Remembering Michael Hahn

Michael Hahn was the best of Brown. He was the kind of worldly, cultured person that I hoped to meet when I arrived on College Hill in the late 1960s, coming from the distant province of Dallas, Texas. My freshman dorm did not always live up to my fanciful notions of what the Ivy League would be like, but the next year I found my way to a non-Animal House fraternity that included people like Michael – although, in truth, there was no one like Michael. He was unique: European (he wore a beret) and intellectual but also self-deprecating, gracious and funny, with a keen sense of the absurd, evidenced by his nickname “Sidney Hook,” the origins of which I cannot explain now – if I ever could.

It is very hard to accept that he is gone.

The March on Washington, November 1969. (L to R)Tom Linklater, Michael (in the beret), Chris Dunn, Bill Barringer, Drew Steckatee, Bill Miller.

We played music together (guitar and piano) in the fraternity lounge, sometimes with horn man Doug Gillespie, drove to Boston to see Santana and to Washington D.C. to march against the Vietnam War. We discussed music and philosophy and writing, creating a bond that would last a lifetime.

A few years after graduation, when I was breaking into print as a freelancer for the Washington Star-News and Michael was in grad school at Georgetown, we painted houses together in D.C. to help finance our budding careers. We listened to the radio all day and talked about music.
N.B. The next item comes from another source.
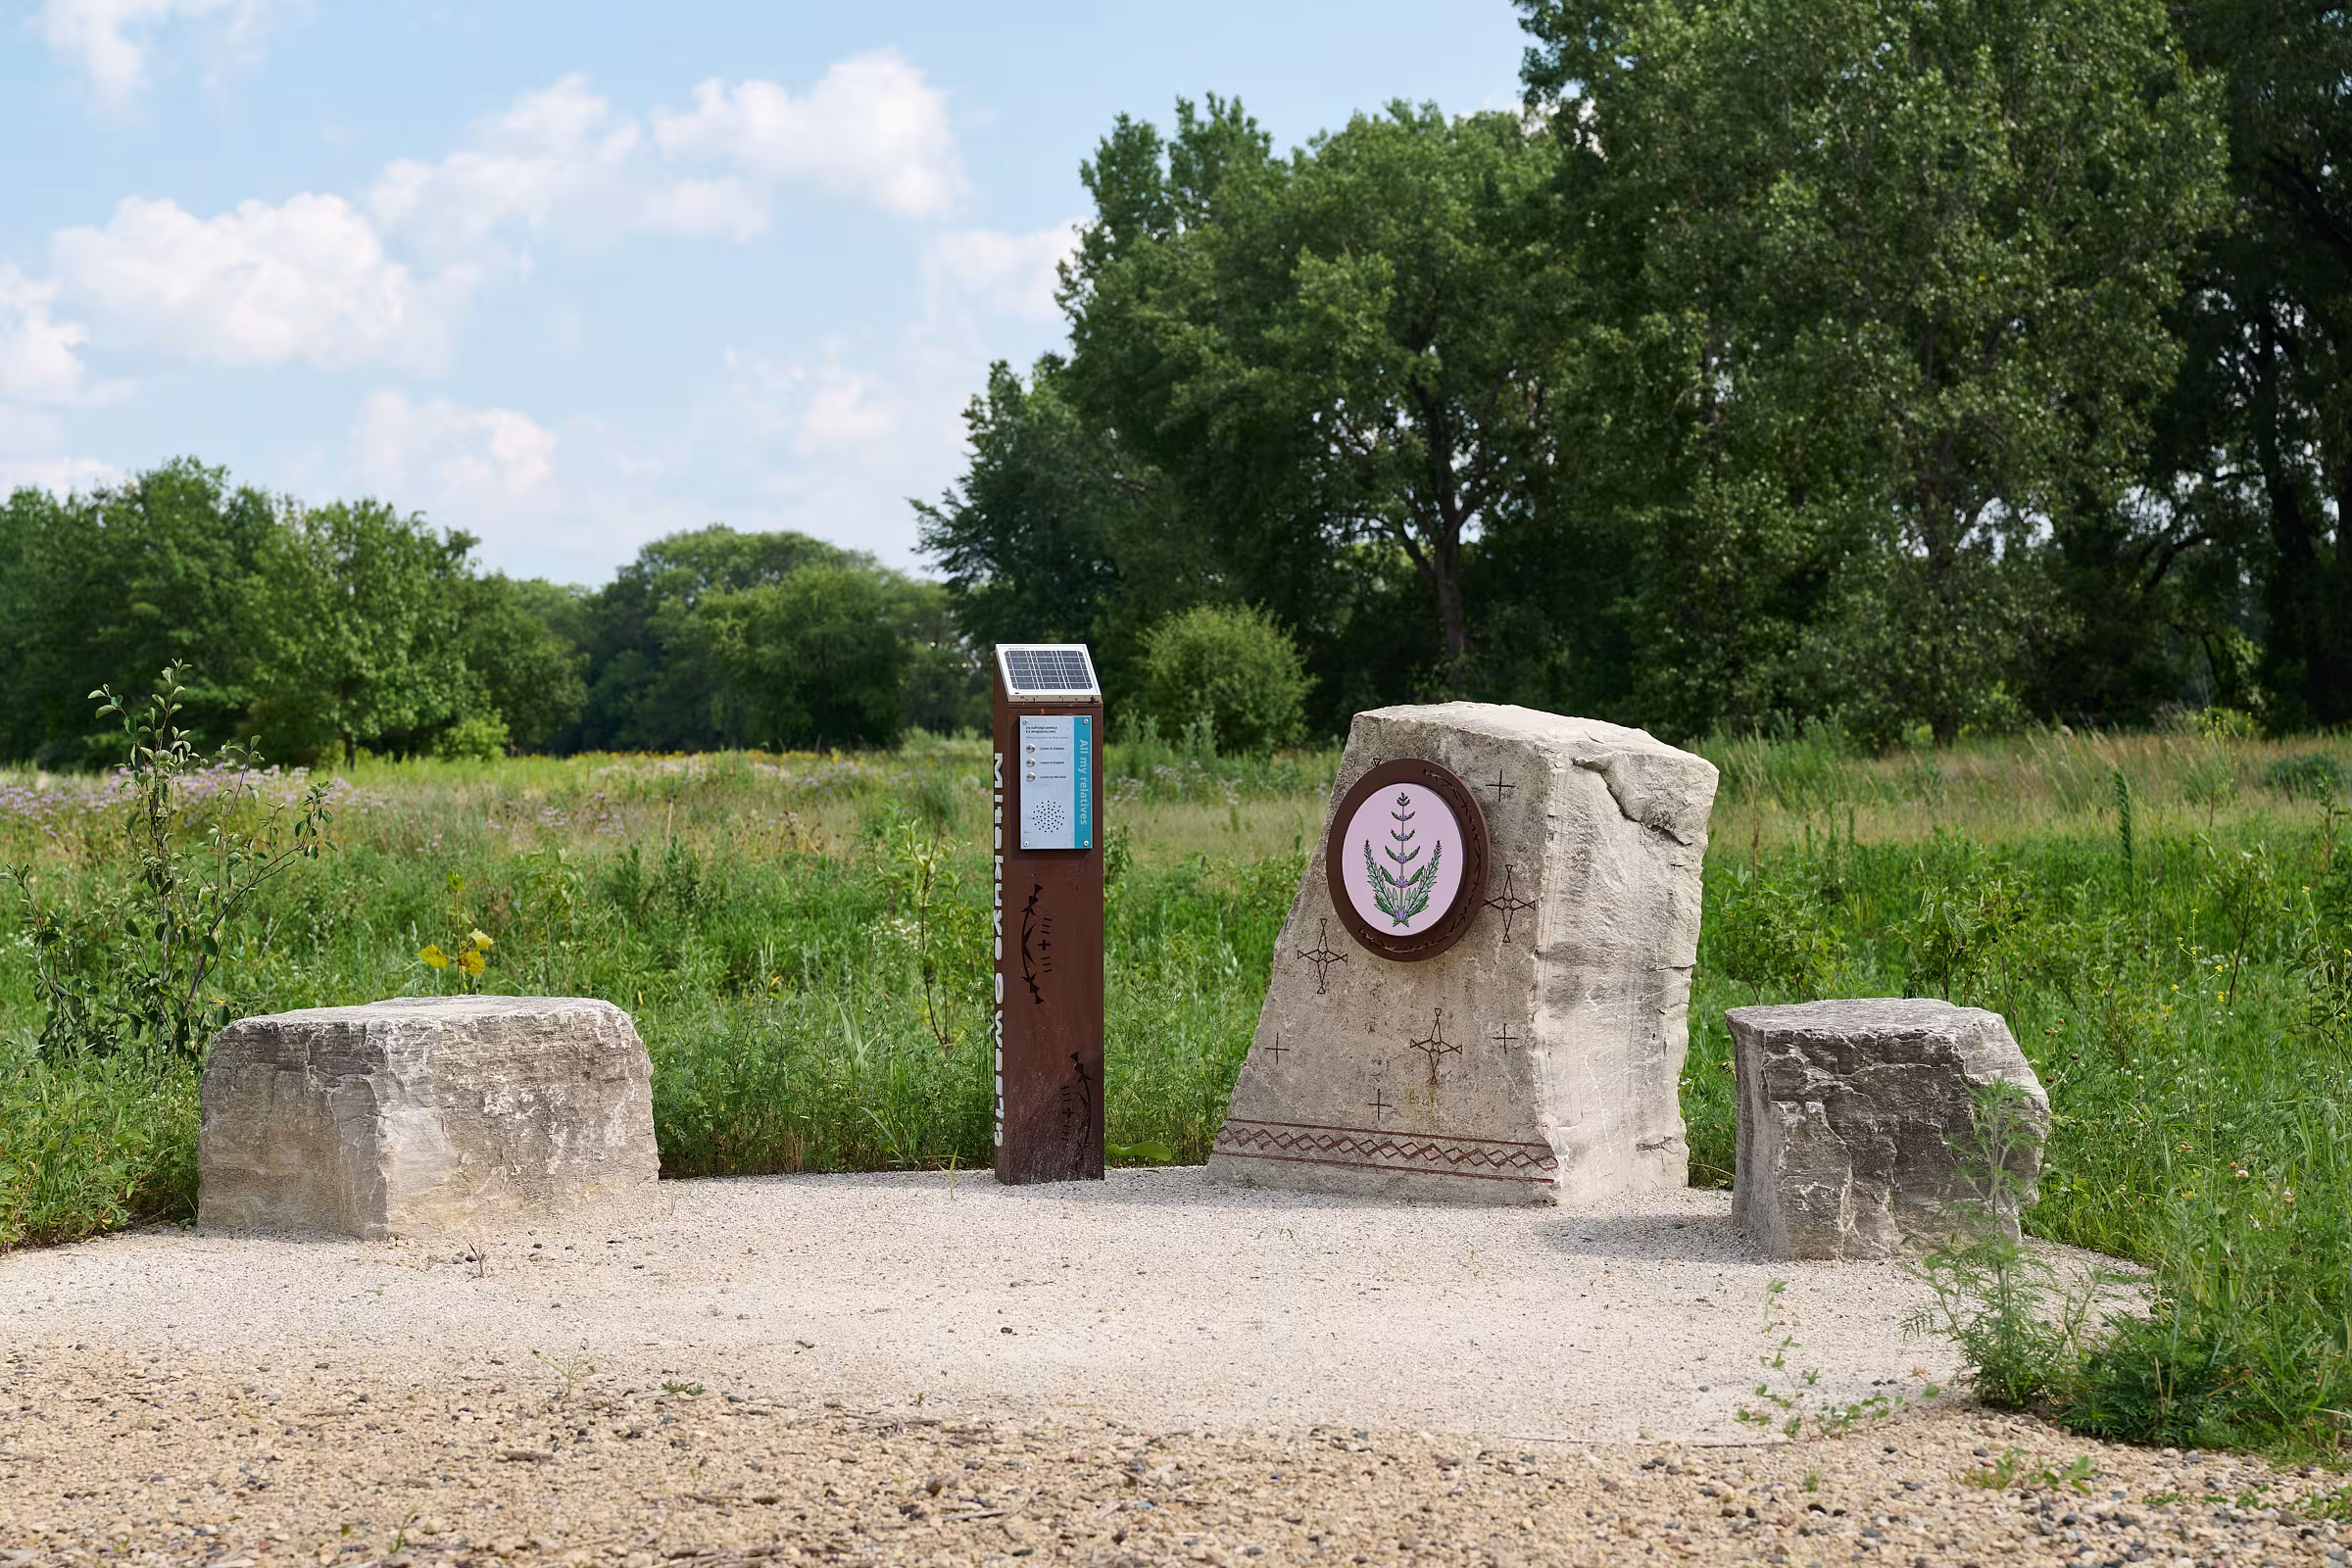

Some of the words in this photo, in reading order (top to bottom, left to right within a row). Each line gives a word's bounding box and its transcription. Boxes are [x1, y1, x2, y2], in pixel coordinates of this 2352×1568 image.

[1079, 739, 1089, 754] All
[1078, 757, 1087, 774] my
[1079, 777, 1089, 825] relatives
We always wanted – without much conviction (a favorite word of his) — to start a band. The closest we came might have been the weekend he flew to Dallas in the mid 70s, and the two of us played for a friend’s backyard wedding reception, in 100-degree afternoon heat. I think we got paid $100. I don’t recall the set list except that it included a song or two by Jimmy Buffett.

Later, when I had become the Dallas Times Herald’s rock critic and was sent to D.C. to check out the debut of a new stage show by the Texas boogie trio Z.Z. Top, Michael was still in Washington and available to accompany me. The two of us rode to the concert in a stretch limo provided by the the band’s publicity firm – a total hoot and improbable luxury that made us recall the nights at Brown we had driven to concerts in Boston packed into someone’s VW bug, the guys in the back seat rolling joints.

We didn’t have to search for a parking place this time; the limo driver simply cruised down a ramp at the arena, passing security guards and crowds of waving fans, finally gliding to a stop on a concrete platform backstage. Someone opened the doors for us. We hadn’t become rock stars, but just this once we had arrived at a venue in a manner befitting The Rolling Stones or The Who, in a scene we could only have imagined back at Brown. It was a moment I’ll always remember, just as I remember the excitement we felt playing music together in our humble anonymity, part of the invaluable exracurricular education we got in that non-Animal House fraternity.

Not long after that evening, we lost touch – for years. This was before email, and Michael was working for the State Dept., serving as a cultural attache in embassies around the globe. I never was sure where he was. I had moved to California, and we had both moved on to the next phase of our lives, marrying and raising families, unbeknownest to each other. Decades went by. 

But after he returned to the States, we managed to reconnect, meeting for dinner in Washington and once in Dallas in 2017 when he and Chris Dunn came to attend a multi-class reunion of their American School in Rome. I was reminded then how much he meant to me and how lucky I was to have met him during those formative years in Providence. We picked up where we left off and regularly sent each other YouTube clips of bands old and new, recalled our enchantment with John McLaughlin and Steve Winwood, the night we saw Horace Silver and the Jazz Messengers at a club in DC, the enduring memories of listening to Blind Faith, the Beatles, the Stones and so many more on the turntables in our college dorm rooms clouded with ganja smoke.

After one of his medical procedures a few years ago, he emailed me: “Promise we’ll have our Sigma Nu jammin’ reunion when this is all over!” Damn. I was looking forward to that. I guess I still am.